*Brief*: Word for word, and without a single picture, repeat the entries.
----------------
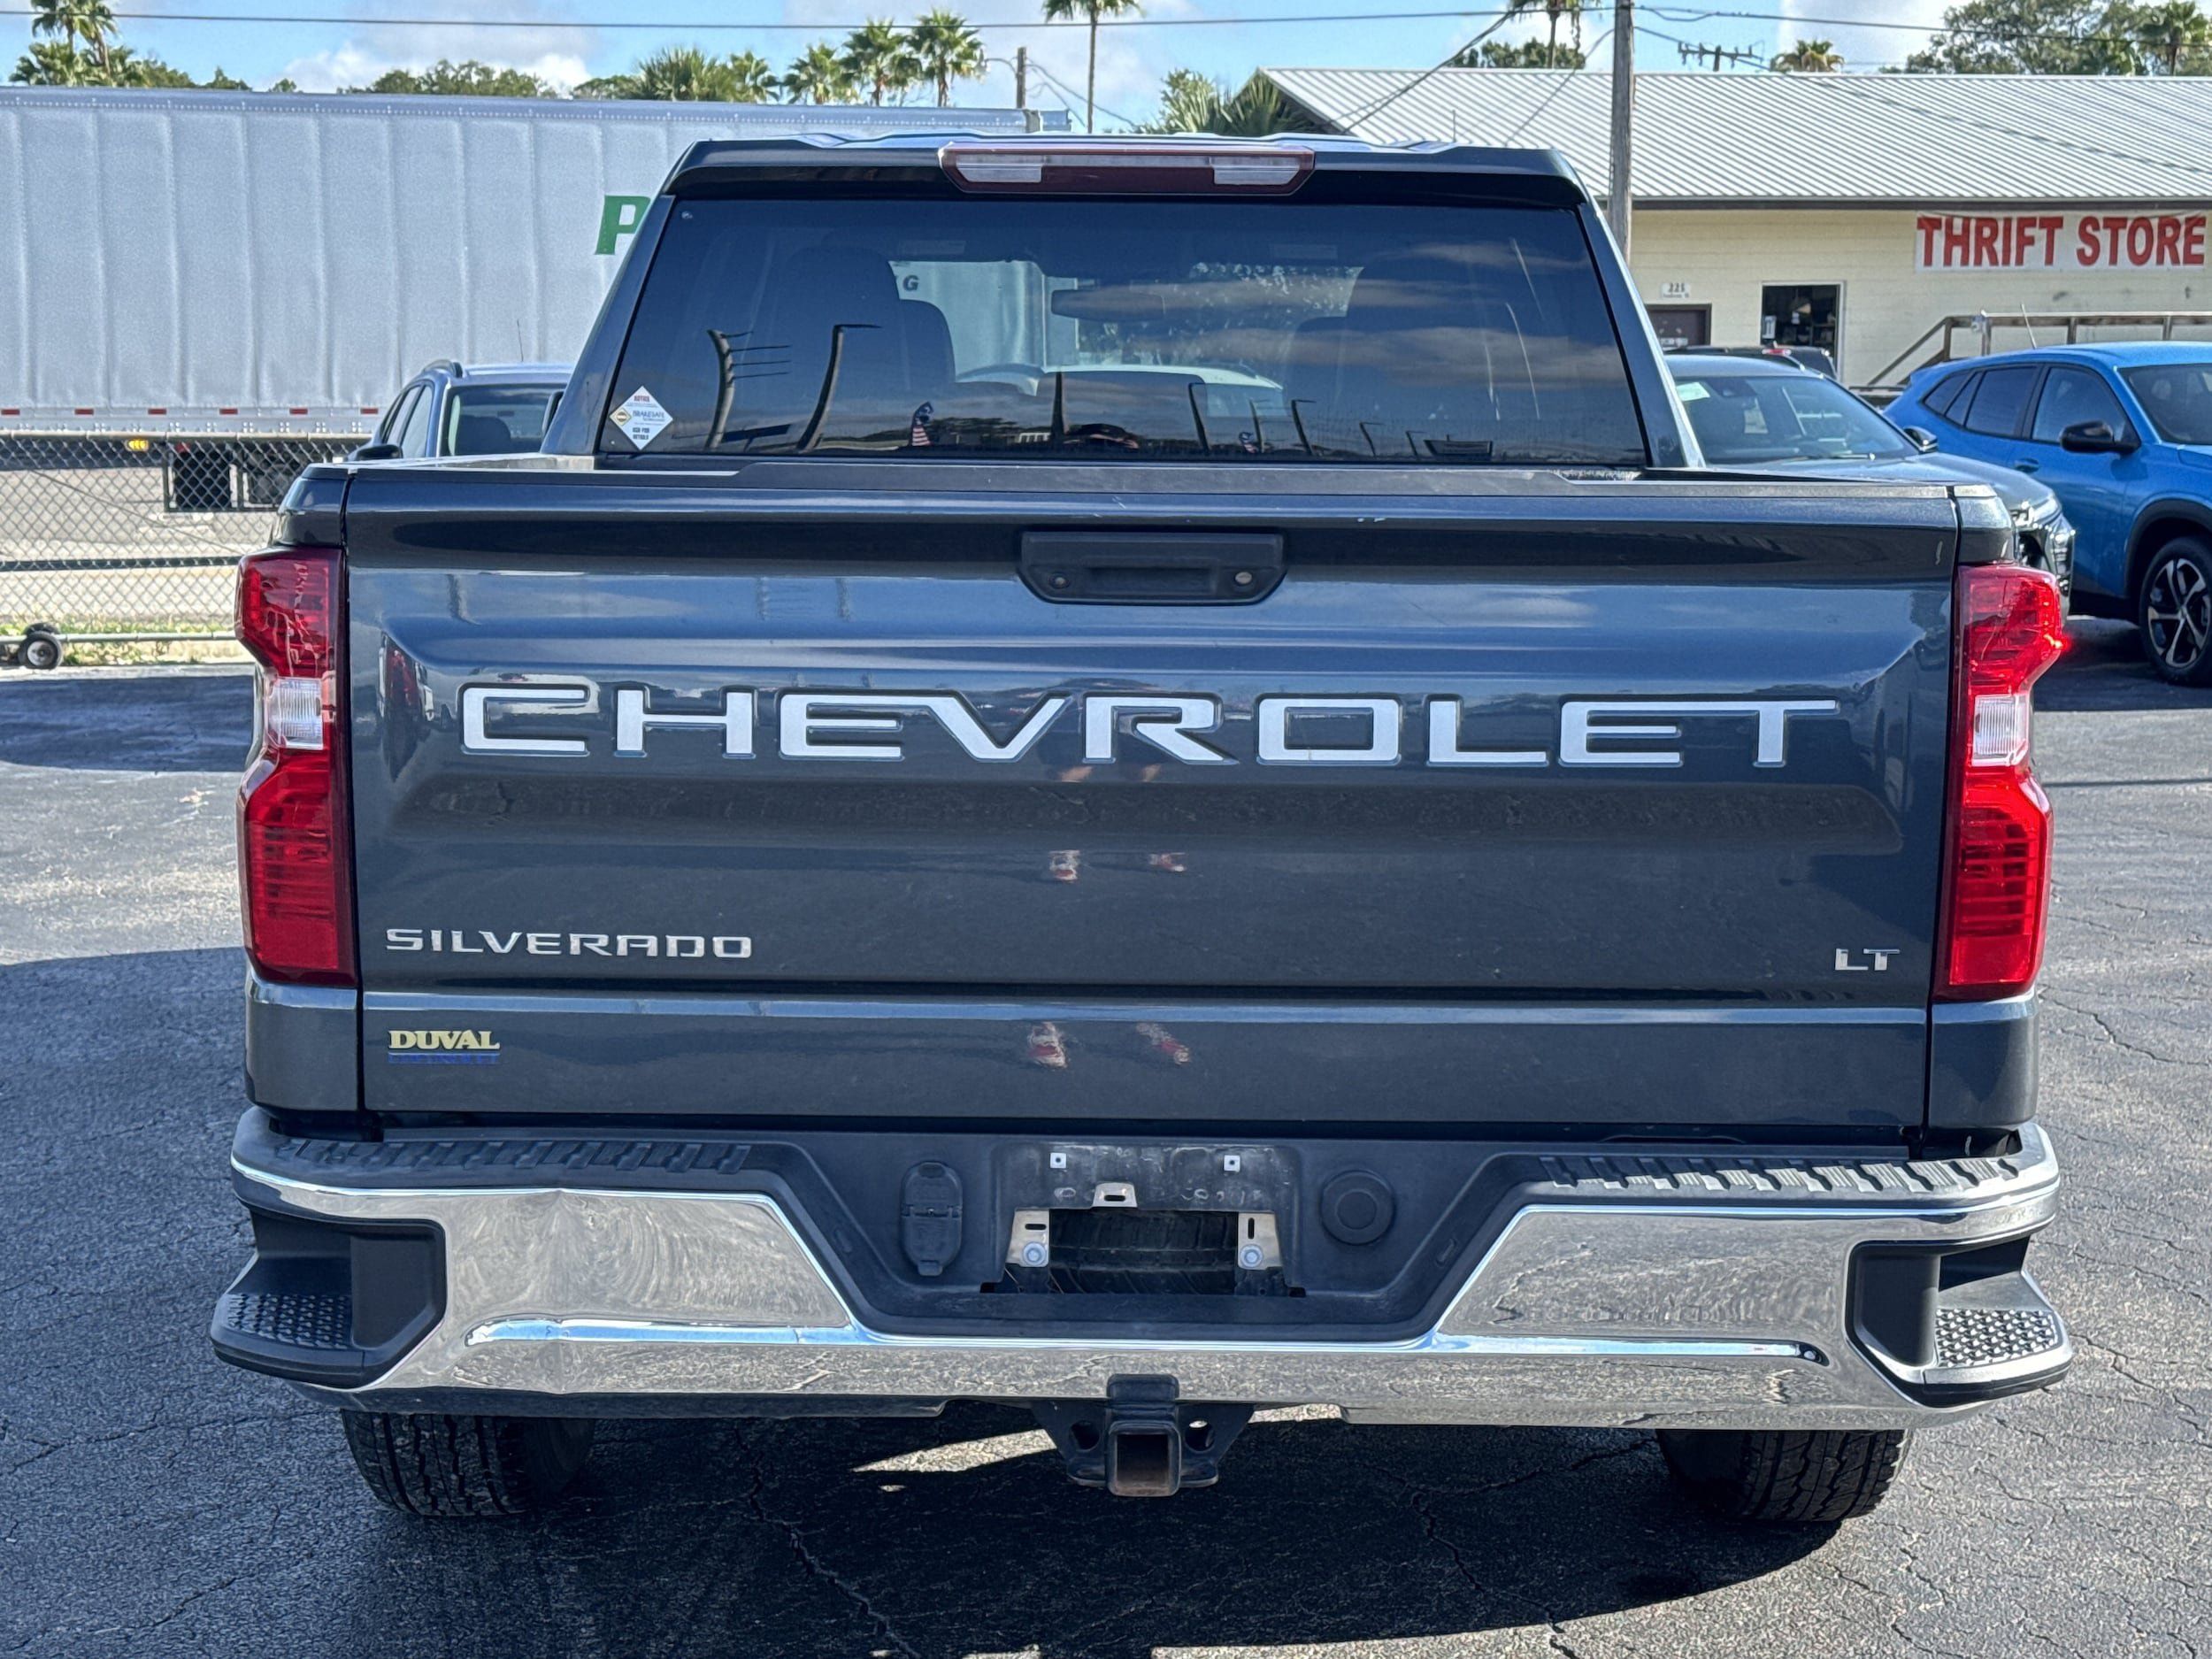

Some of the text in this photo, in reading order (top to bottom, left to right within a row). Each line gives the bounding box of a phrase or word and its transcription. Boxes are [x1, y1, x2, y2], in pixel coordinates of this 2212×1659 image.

[1916, 216, 2207, 267] THRIFT STORE
[461, 686, 1838, 766] CHEVROLET
[386, 927, 753, 958] SILVERADO
[1834, 948, 1901, 972] LT
[388, 1029, 501, 1050] DUVAL
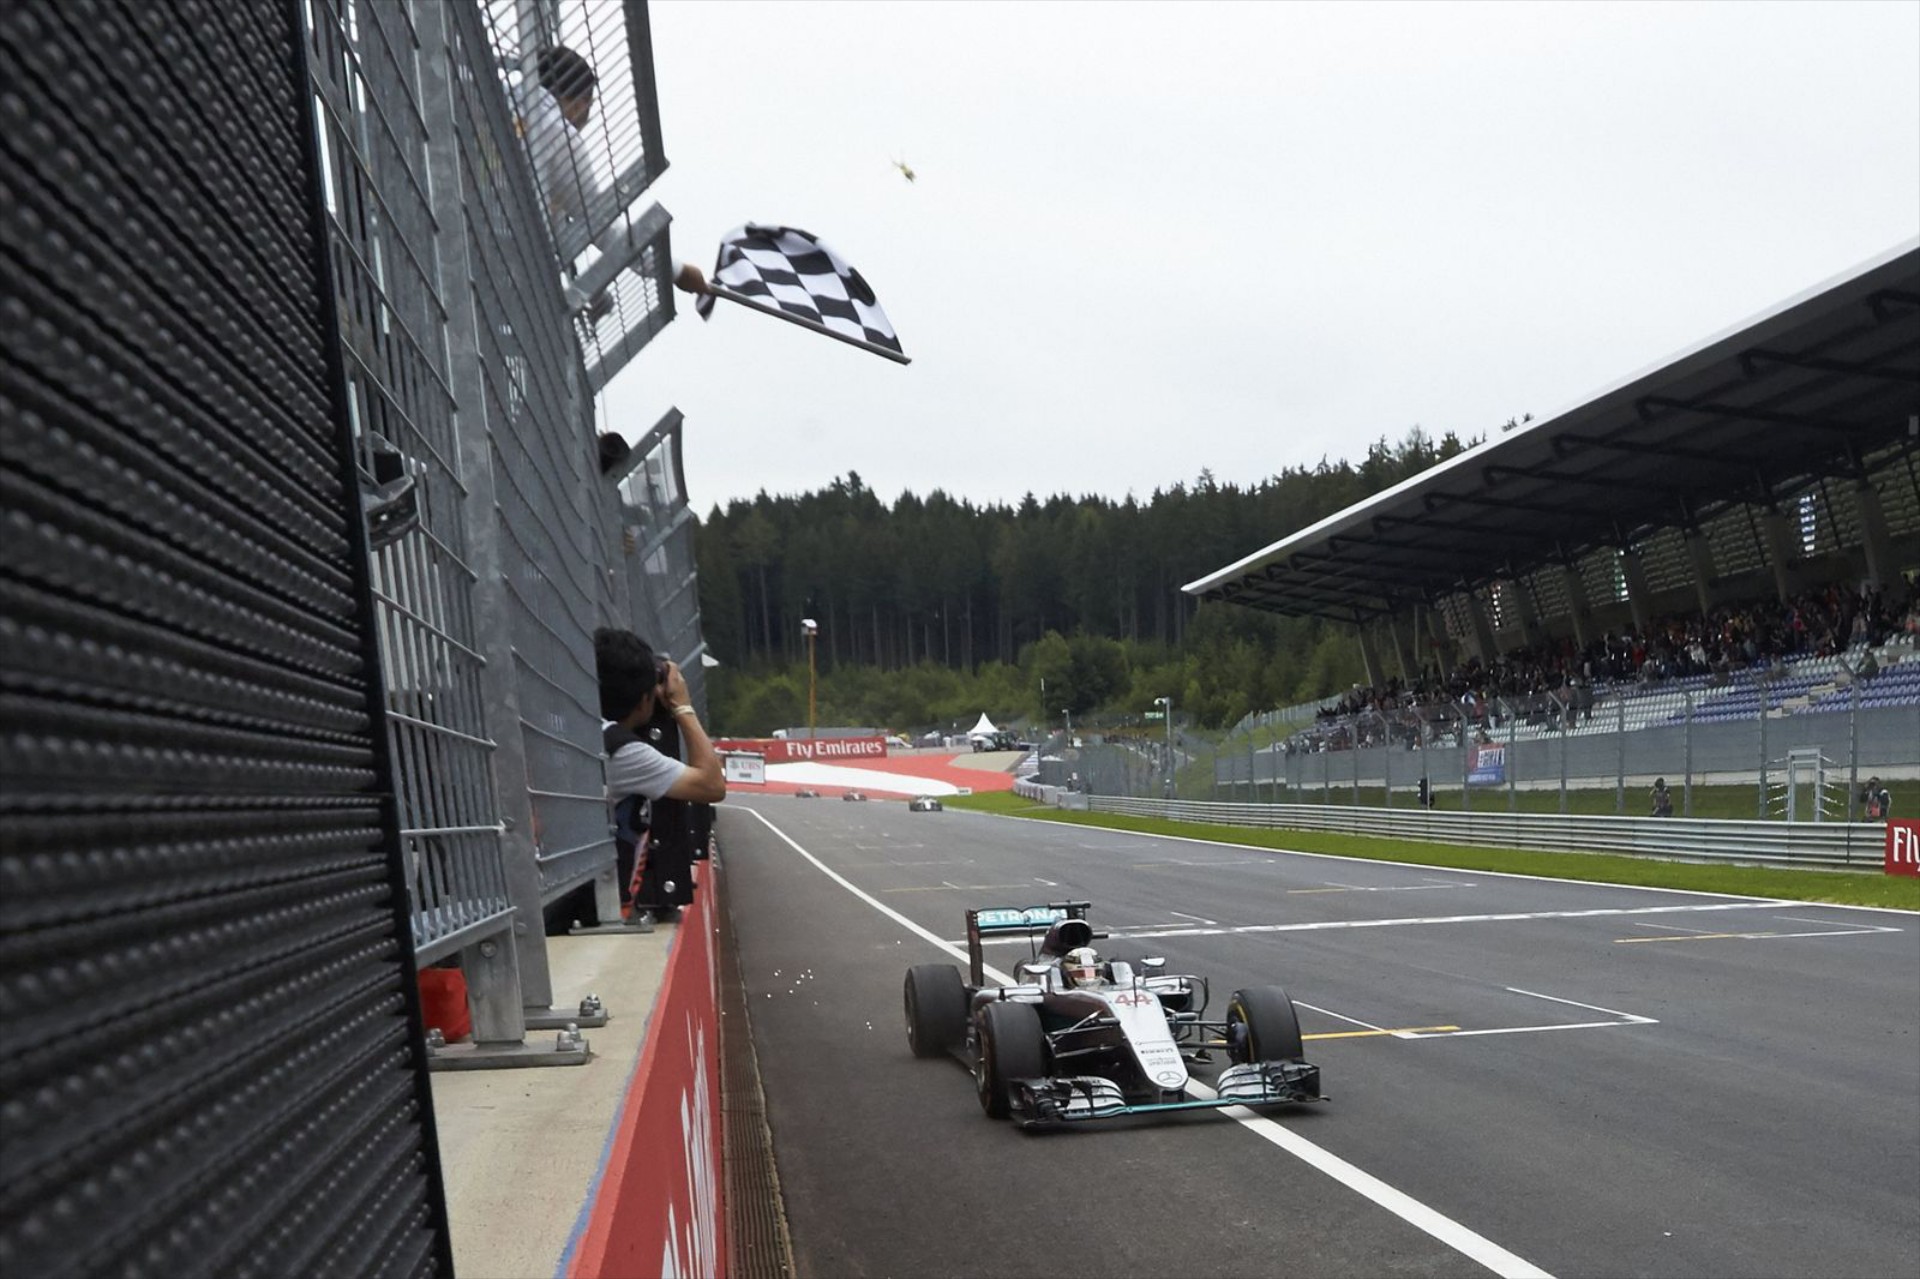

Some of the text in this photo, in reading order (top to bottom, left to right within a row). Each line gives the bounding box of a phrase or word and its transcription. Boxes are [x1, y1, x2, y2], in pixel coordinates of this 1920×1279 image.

[786, 740, 883, 758] Fly Emirates
[1115, 994, 1153, 1006] 44
----------------
*Task result*:
Some of the text in this photo, in reading order (top to bottom, left to right within a row). Each line gives the bounding box of a phrase or word and its transcription. Boxes are [x1, y1, x2, y2], in pixel coordinates of this 2212×1659 image.

[1916, 216, 2207, 267] THRIFT STORE
[461, 686, 1838, 766] CHEVROLET
[386, 927, 753, 958] SILVERADO
[1834, 948, 1901, 972] LT
[388, 1029, 501, 1050] DUVAL

Some of the text in this photo, in reading order (top to bottom, left to right within a row). Each line gives the bounding box of a phrase or word and its transcription. Boxes are [x1, y1, x2, y2], in pixel coordinates of this 1920×1279 image.

[786, 740, 883, 758] Fly Emirates
[1115, 994, 1153, 1006] 44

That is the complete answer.